Мартини быстро обернулся. Овод, с сигарой во рту и с оранжерейным цветком в петлице, протягивал ему свою узкую руку, обтянутую лайковой перчаткой. Теперь, когда солнце весело играло на его элегантных ботинках и освещало его улыбающееся лицо, он показался Мартини не таким безобразным, но еще более самодовольным. Они пожали друг другу руку: один приветливо, другой угрюмо. В эту минуту Риккардо вдруг воскликнул:
– Вам дурно, синьора Болла!
По лицу Джеммы, прикрытому полями шляпы, разлилась мертвенная бледность; ленты, завязанные у горла, вздрагивали в такт биению сердца.
– Я поеду домой, – сказала она слабым голосом.
Подозвали коляску, и Мартини сел с Джеммой, чтобы проводить ее до дому. Поправляя плащ Джеммы, свесившийся на колесо, Овод вдруг поднял на нее глаза, и Мартини заметил, что она отшатнулась от него с выражением ужаса на лице.
– Что с вами, Джемма? – спросил он по-английски, как только они отъехали. – Что вам сказал этот негодяй?
– Ничего, Чезаре. Он тут ни при чем… Я… испугалась.
– Испугались?
– Да!.. Мне почудилось…
Джемма прикрыла глаза рукой, и Мартини молча ждал, когда она снова придет в себя.

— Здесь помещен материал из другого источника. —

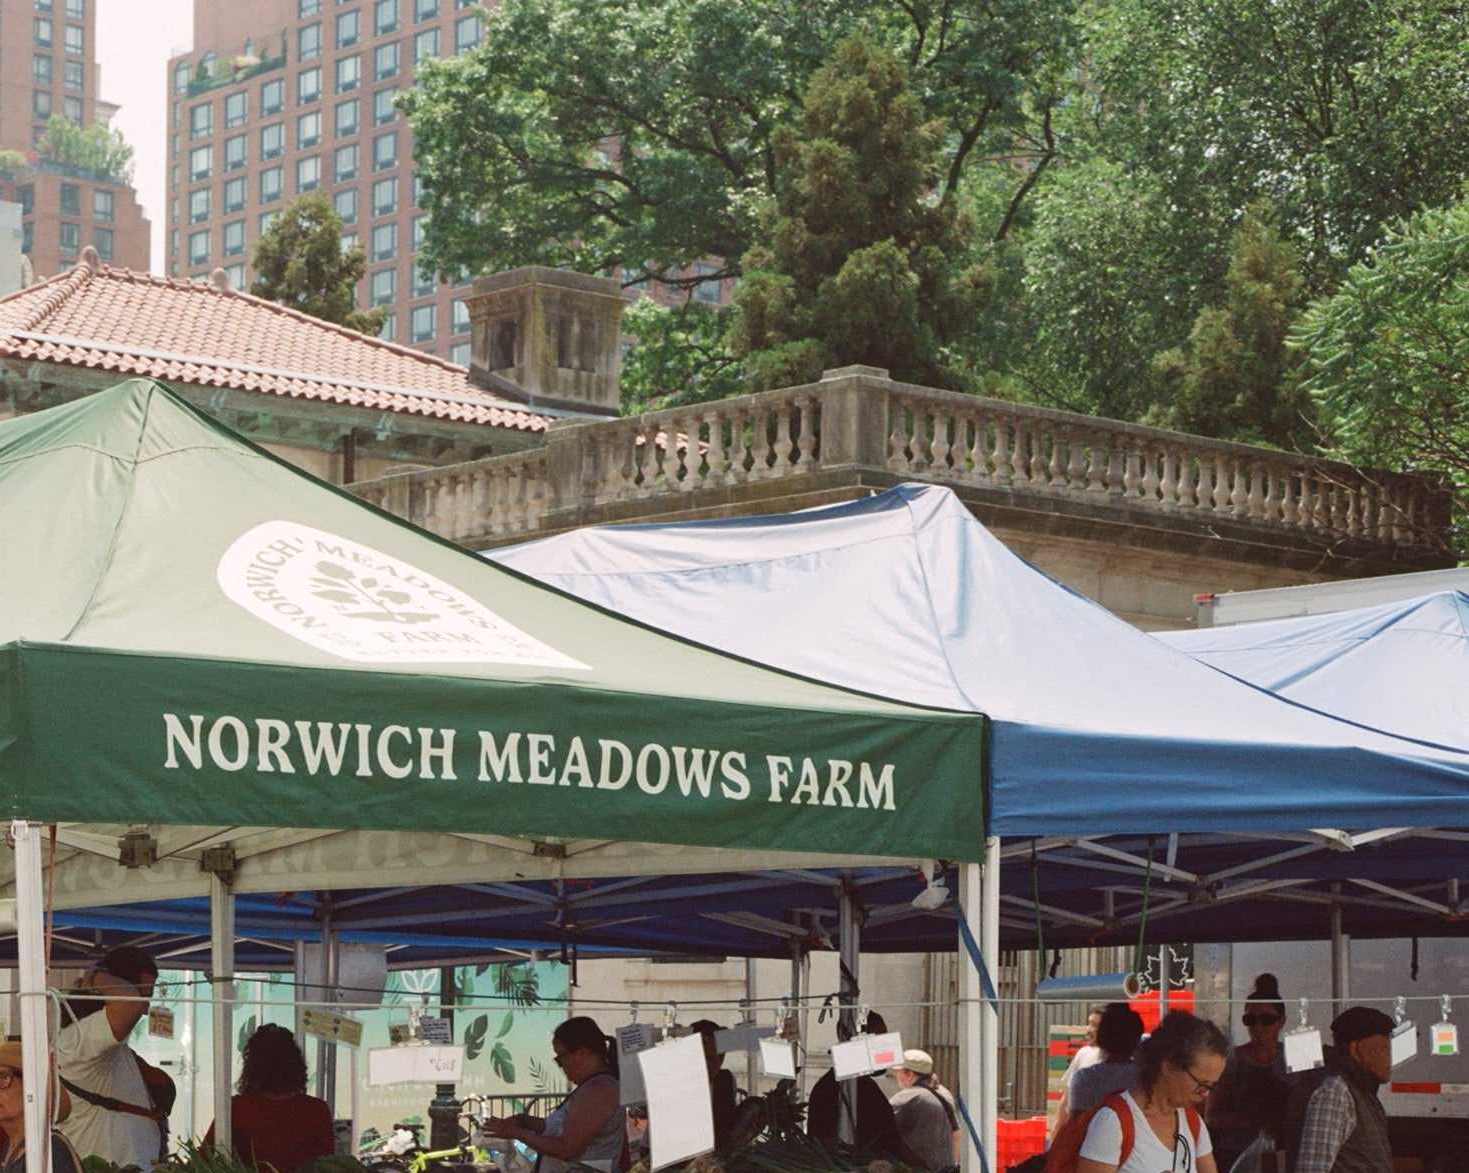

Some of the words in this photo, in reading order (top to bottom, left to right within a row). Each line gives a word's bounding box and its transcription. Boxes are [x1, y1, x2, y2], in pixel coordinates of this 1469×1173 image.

И наконец лицо ее порозовело.
– Вы были совершенно правы, – повернувшись к нему, сказала Джемма своим обычным голосом, – оглядываться на страшное прошлое бесполезно. Это так расшатывает нервы, что начинаешь воображать бог знает что. Никогда не будем больше говорить об этом, Чезаре, а то я во всяком встречном начну видеть сходство с Артуром. Это точно галлюцинация, какой-то кошмар среди бела дня. Представьте: сейчас, когда этот противный фат подошел к нам, мне показалось, что я вижу Артура.
Глава V
Овод, несомненно, умел наживать личных врагов. В августе он приехал во Флоренцию, а к концу октября уже три четверти комитета, пригласившего его, были о нем такого же мнения, как и Мартини. Даже его поклонники были недовольны свирепыми нападками на Монтанелли, и сам Галли, который сначала готов был защищать каждое слово остроумного сатирика, начинал смущенно признавать, что кардинала Монтанелли лучше было бы оставить в покое: «Честных кардиналов не так уж много, с ними надо обращаться повежливее».
Единственный, кто оставался, по-видимому, равнодушным к этому граду карикатур и пасквилей, был сам Монтанелли. Не стоило даже тратить труда, говорил Мартини, на то, чтобы высмеивать человека, который относится к этому так благодушно. Рассказывали, будто, принимая у себя архиепископа флорентийского, Монтанелли нашел в комнате один из злых пасквилей Овода, прочитал его от начала до конца и передал архиепископу со словами: «А ведь не глупо написано, не правда ли?»
В начале октября в городе появился памфлет, озаглавленный «Тайна благовещения». Если бы даже под ним не стояло уже знакомой читателям «подписи» – овода с распростертыми крылышками, – большинство сразу догадалось бы, кому принадлежит этот памфлет, по его язвительному, желчному тону. Он был написан в форме диалога между девой Марией – Тосканой, и Монтанелли – ангелом, который возвещал пришествие иезуитов, держа в руках оливковую ветвь мира и белоснежные лилии – символ непорочности. Оскорбительные намеки и дерзкие догадки встречались там на каждом шагу. Вся Флоренция возмущалась несправедливостью и жестокостью этого пасквиля! И тем не менее, читая его, вся Флоренция хохотала до упаду. В серьезном тоне, с которым преподносились все эти нелепости, было столько комизма, что самые свирепые противники Овода восхищались памфлетом заодно с его горячими поклонниками. Несмотря на свою отталкивающую грубость, эта сатира оказала известное действие на умонастроение в городе. Репутация Монтанелли была слишком высока, чтобы ее мог поколебать какой-то пасквиль, пусть даже самый остроумный, и все же общественное мнение чуть не обернулось против него. Овод знал, куда ужалить, и хотя карету Монтанелли по-прежнему встречали и провожали толпы народа, сквозь приветственные возгласы и благословения часто прорывались зловещие крики: «Иезуит!», «Санфедистский шпион!»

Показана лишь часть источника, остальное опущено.